Summertime’s here and you know what that means. It’s the official start of picnic and
grilling season. Unfortunately, as the number of cook-outs increases so do the number of food-borne illnesses. we love the warmer weather but so do the bacteria that make us sick The good news is with just a few simple
tips, you can make your next cookout a safer
one. If I was cooking at home, I’d have access to a sink, a refrigerator and all those things make preparing a safe meal easy. Without those I’m going to have to do a
lot of prep work at home to help avoid cross-contamination, which is the major cause of food-borne illness. When I prep my foods, I like to use a separate cutting board. One for prepping fruits and vegetables
and the other for raw meats. they’re even color-coded if you only have
one cutting board though If you only have
one cutting board though, prep your fruits and veggies first, then
prep your meats last. To be safe, wash your cutting boards any time you switch foods.
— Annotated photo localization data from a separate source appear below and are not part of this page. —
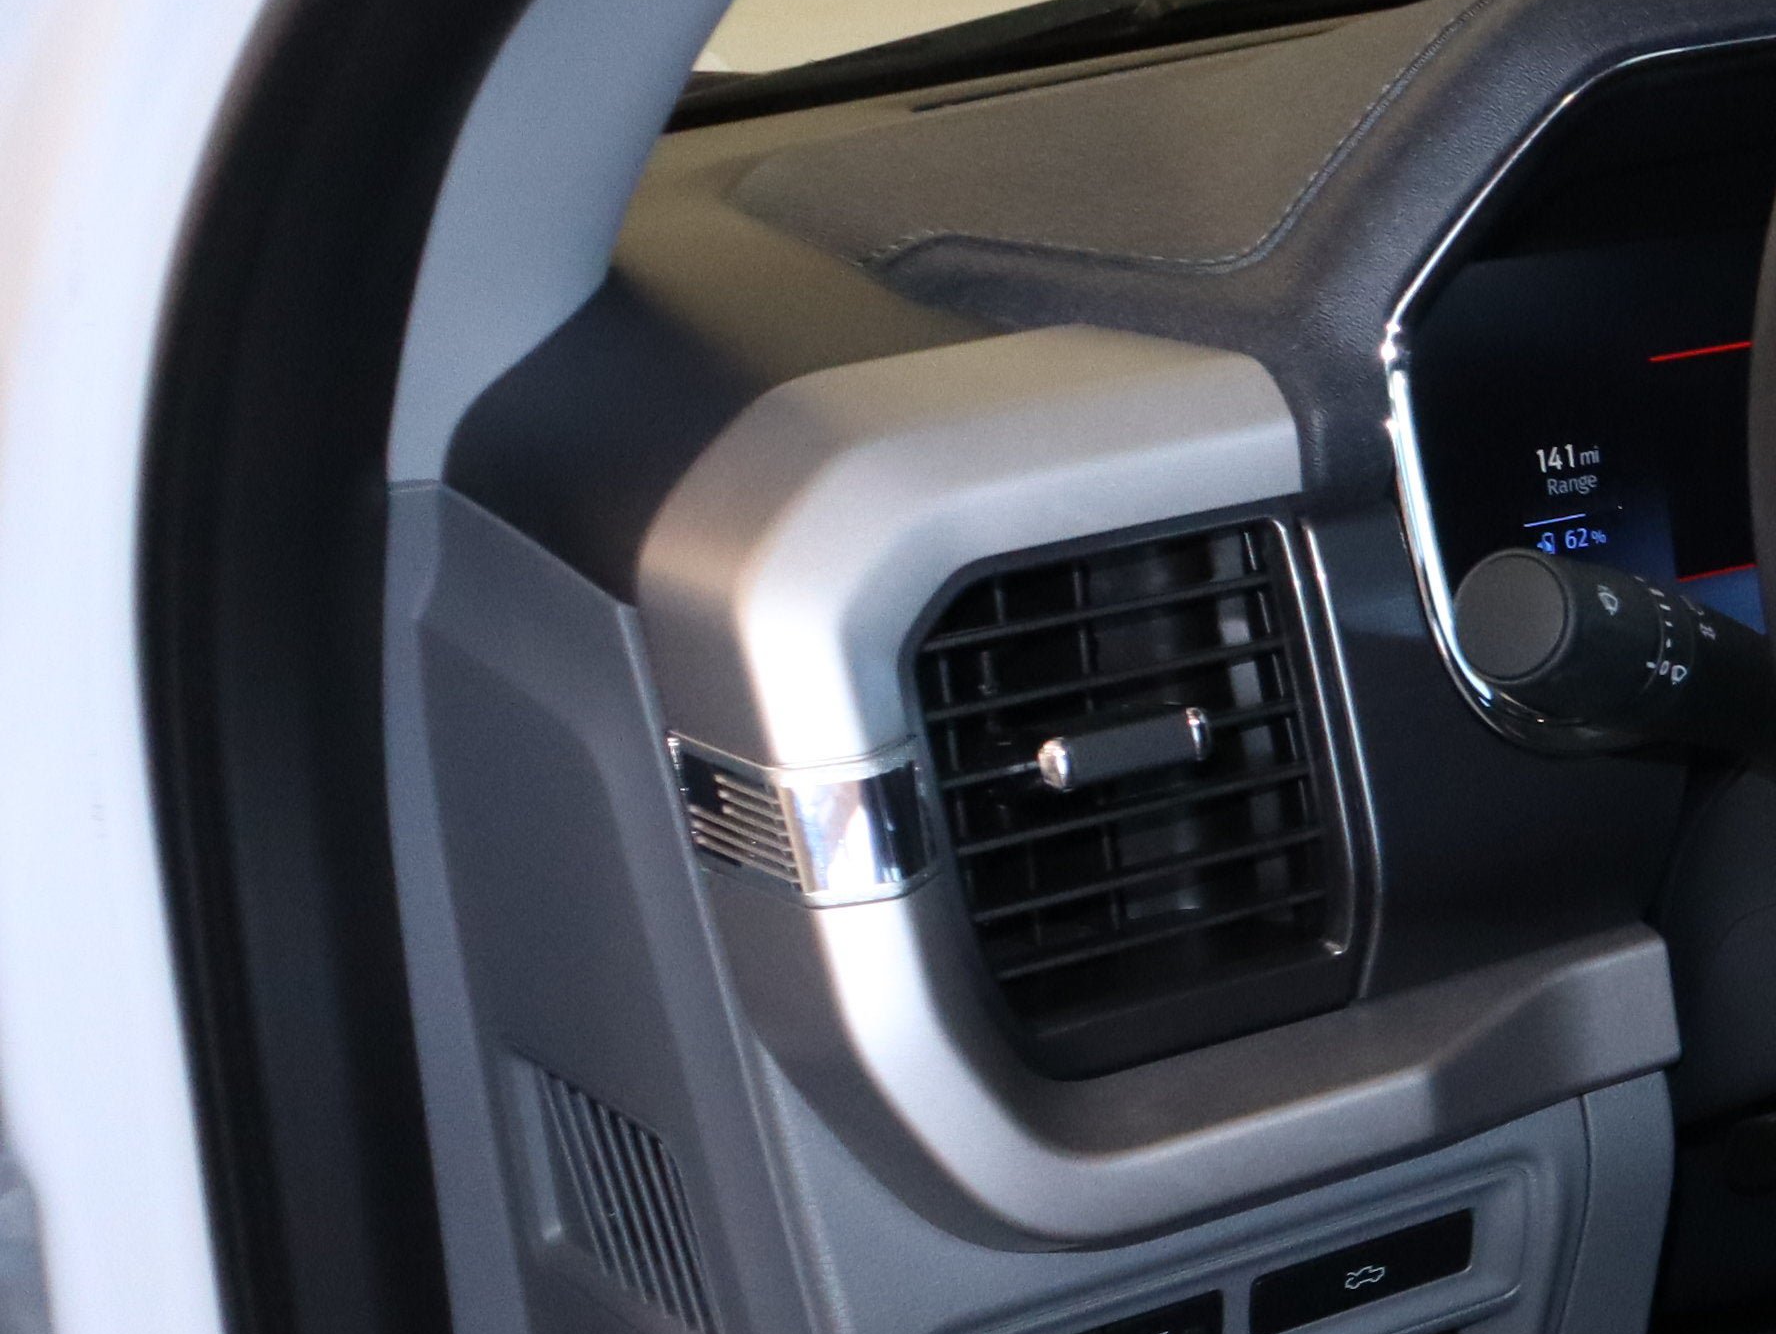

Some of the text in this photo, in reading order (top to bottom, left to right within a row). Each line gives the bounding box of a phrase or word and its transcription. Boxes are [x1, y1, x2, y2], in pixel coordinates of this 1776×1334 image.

[1536, 443, 1601, 473] 141 mi
[1546, 474, 1598, 496] Range
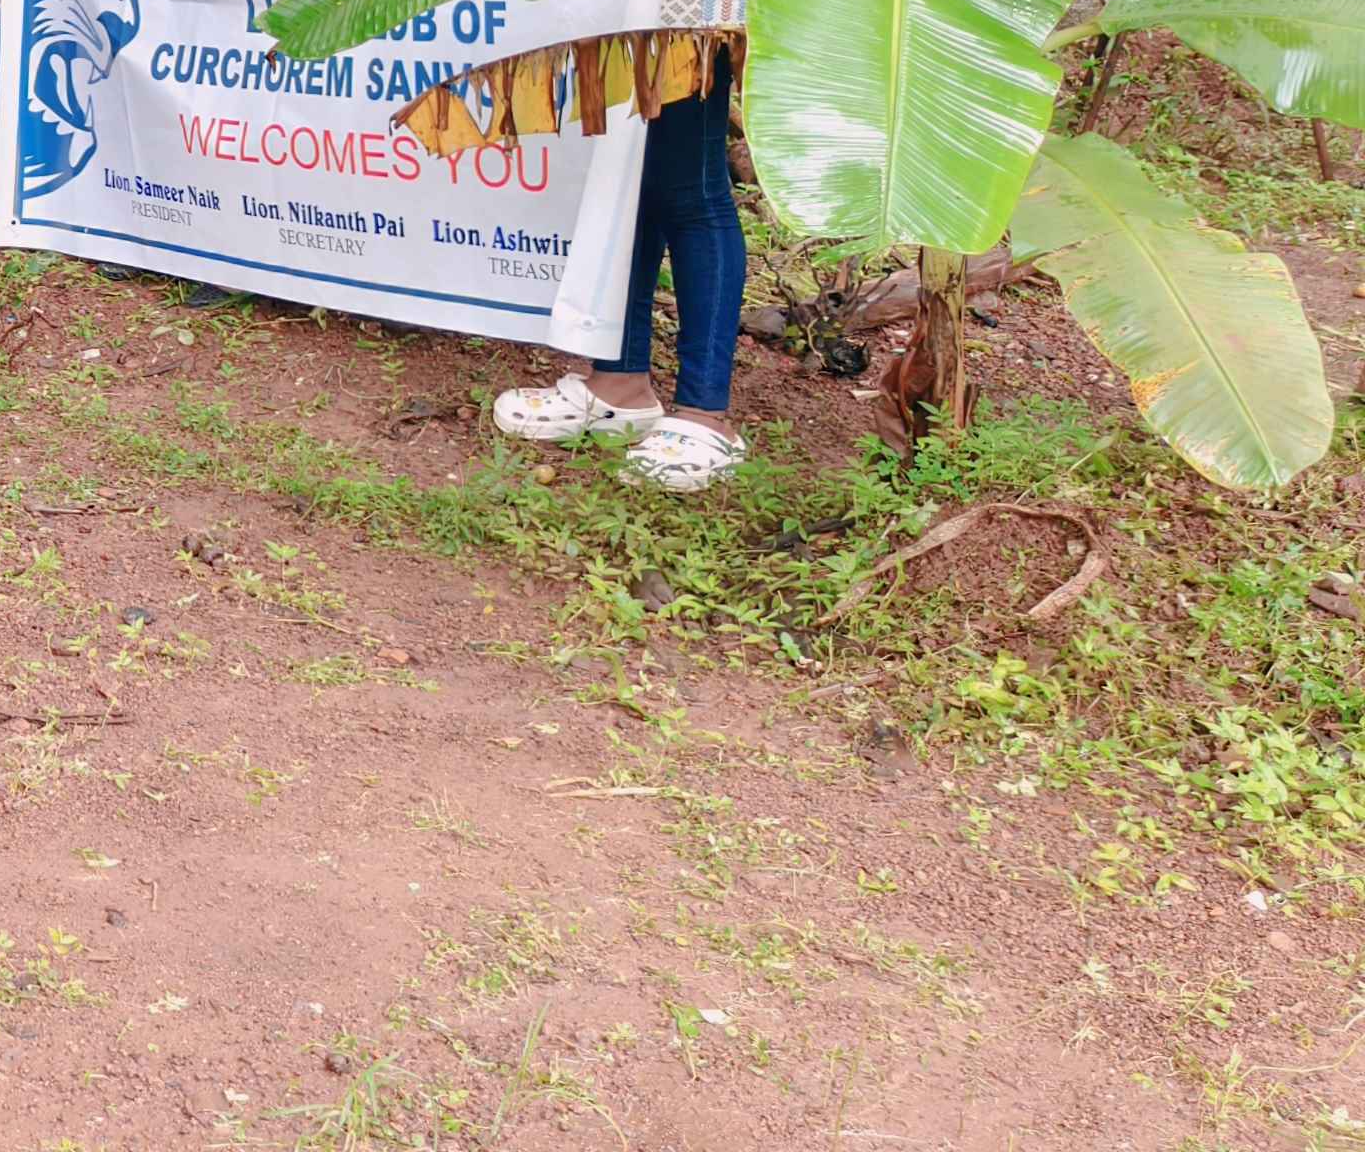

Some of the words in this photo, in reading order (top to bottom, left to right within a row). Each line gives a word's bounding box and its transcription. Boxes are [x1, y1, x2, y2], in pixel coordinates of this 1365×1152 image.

[452, 0, 507, 45] OF
[179, 114, 421, 180] WELCOMES
[442, 143, 550, 192] YOU
[104, 168, 133, 193] Lion.
[135, 175, 184, 204] Sameer
[187, 185, 221, 210] Naik
[131, 200, 194, 226] PRESIDENT
[242, 194, 284, 221] Lion.
[288, 201, 368, 233] Nilkanth
[373, 213, 405, 238] Pai
[278, 227, 366, 256] SECRETARY
[432, 219, 486, 248] Lion.
[488, 256, 566, 282] TREASU
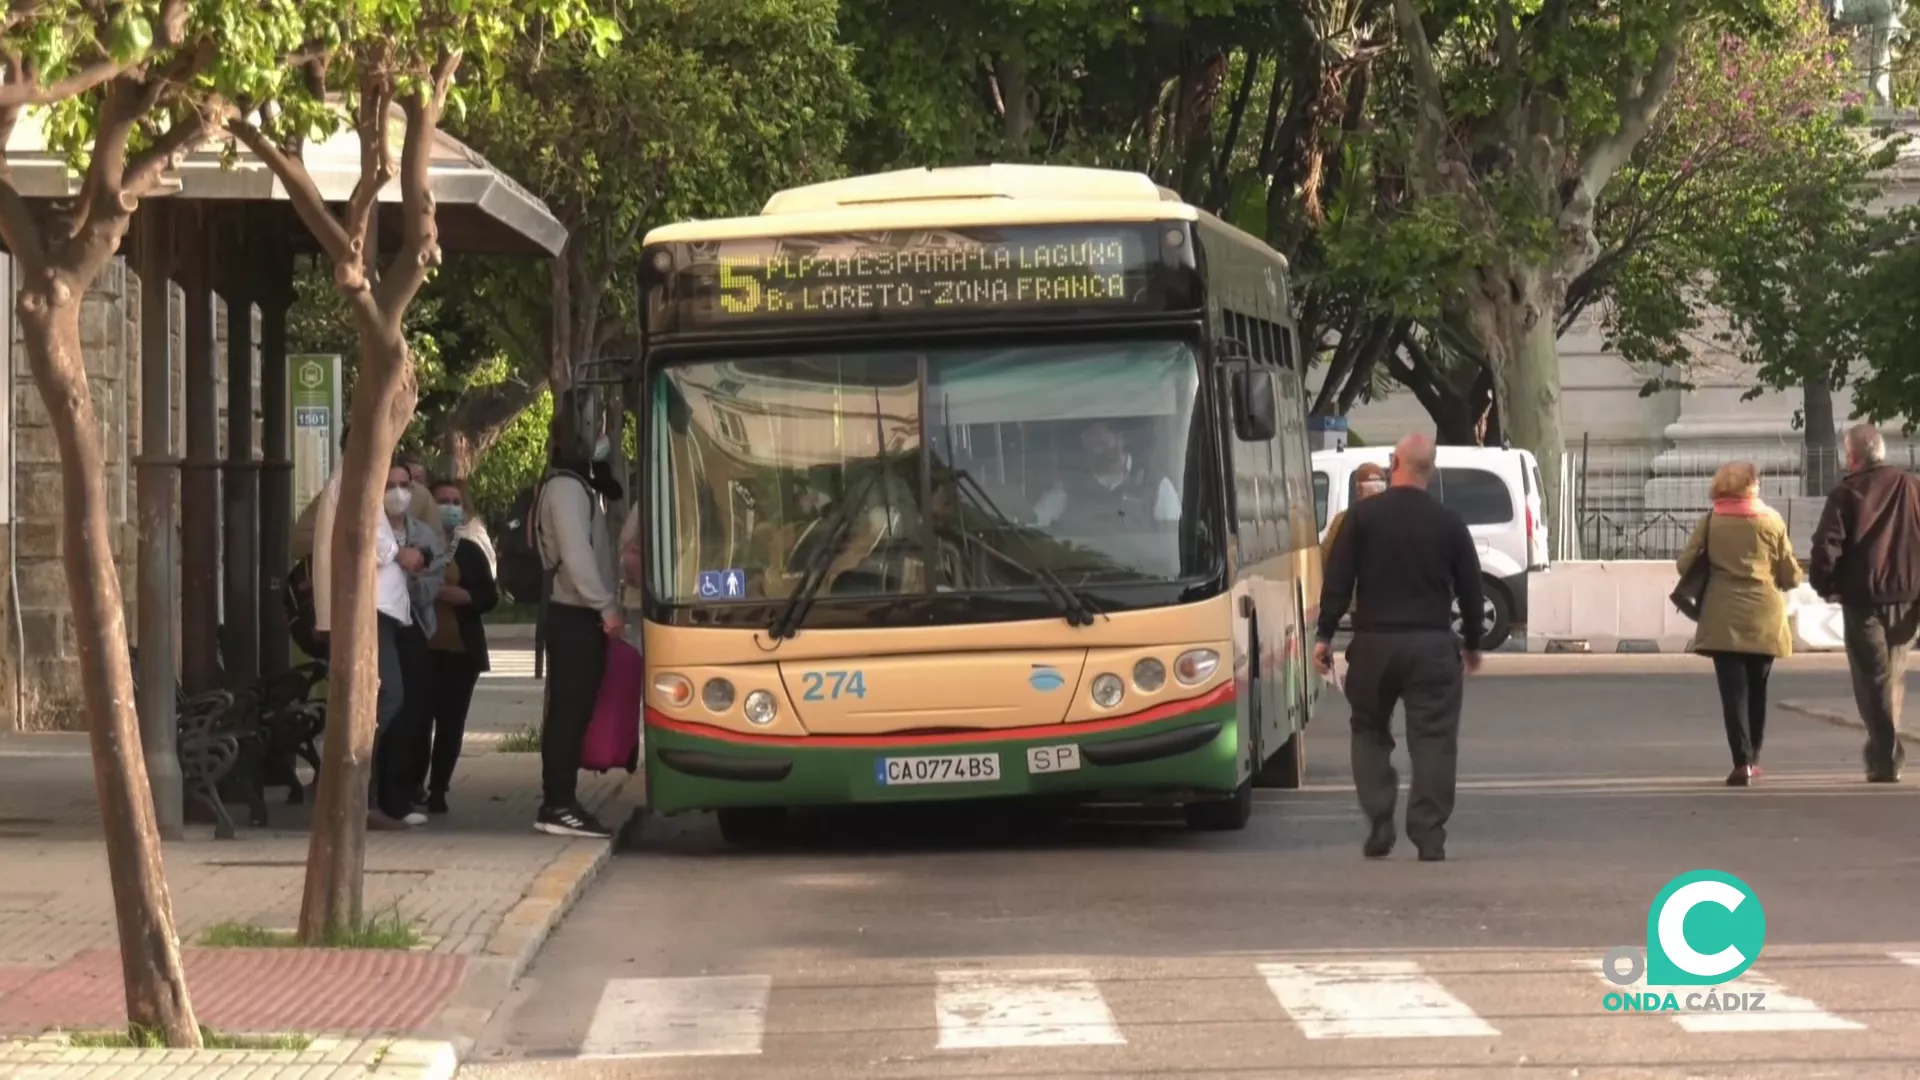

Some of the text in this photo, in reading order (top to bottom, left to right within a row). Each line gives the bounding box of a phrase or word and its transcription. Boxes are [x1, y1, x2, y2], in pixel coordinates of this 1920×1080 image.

[1020, 241, 1123, 269] LAGUNA
[720, 256, 761, 313] 5
[767, 288, 793, 312] B.
[1017, 273, 1125, 301] FRANCA
[298, 413, 325, 425] 1501
[801, 669, 867, 701] 274
Be sure to wash your hands before prepping any of your food, but especially after handling raw meat. This will help prevent cross-contamination. OK, The next thing we’re going to talk about is keeping our cold food cold. The goal here is to keep temperature below 40 degrees, that way, harmful bacteria won’t grow. The easiest way to do that is with an insulated cooler. I can use gel packs that I put in the freezer or what most people do is they just buy bagged ice. Now, if I have the luxury of using two coolers, I can use one cooler for my raw meat products, and the other one is for my vegetables and my condiments. But if only have one cooler I have to take extra care to make sure that
my meat doesn’t cross-contaminate my other food. So you might want to wrap it up in a separate bag, just to make sure. OK, we’re ready to go. We kept our prepared foods cool in our refrigerator. Now it’s time to transfer them to our coolers. And again we’re going to make sure that our condiments and our meat are in separate coolers, making sure that we don’t
cross-contaminate, making sure we don’t spill any of our marinade. And if it’s warm outside, don’t leave your
coolers in the car where they can heat up or in the sun. For my drinks, I usually like to put them in a separate cooler on ice. Now that we’re at the picnic site, and while we wait for our fire to get hot, we want to clean off our picnic area and make sure that it’s clean. These come in really handy for
sanitizing things like our picnic table This is really excellent for sanitizing
our hands. It’s grilling time. The most important thing now is we have to make sure that our food cooked to the proper temperatures. Which is why when I cookout, I always bring one of these with me. This is a portable thermometer. This is going to ensure that I cook my
food to the proper temperature. and make sure they’re completely safe. When grilling hamburgers or pork, we want to reach an internal
temperature of 160 degrees Fahrenheit. When grilling chicken breasts and other
whole poultry, we need to reach an internal temperature
of 165 degrees. These look good and they’re ready to go. When I pull my burgers off the grill, I want to make sure sure that I’m using a clean plate, so I don’t cross-contaminate Once cooked, our meat products should not be left out for more than two hours. The same goes for our cold items. All my perishable items need to stay on
ice until they’re ready to serve. The rule is always the same, keep hot foods hot and cold foods cold. Let’s face it, grilled food just tastes
better, but it does present a challenge. Just by following these few food safety tips, you can assure that your next cook-out
is a safe and happy one.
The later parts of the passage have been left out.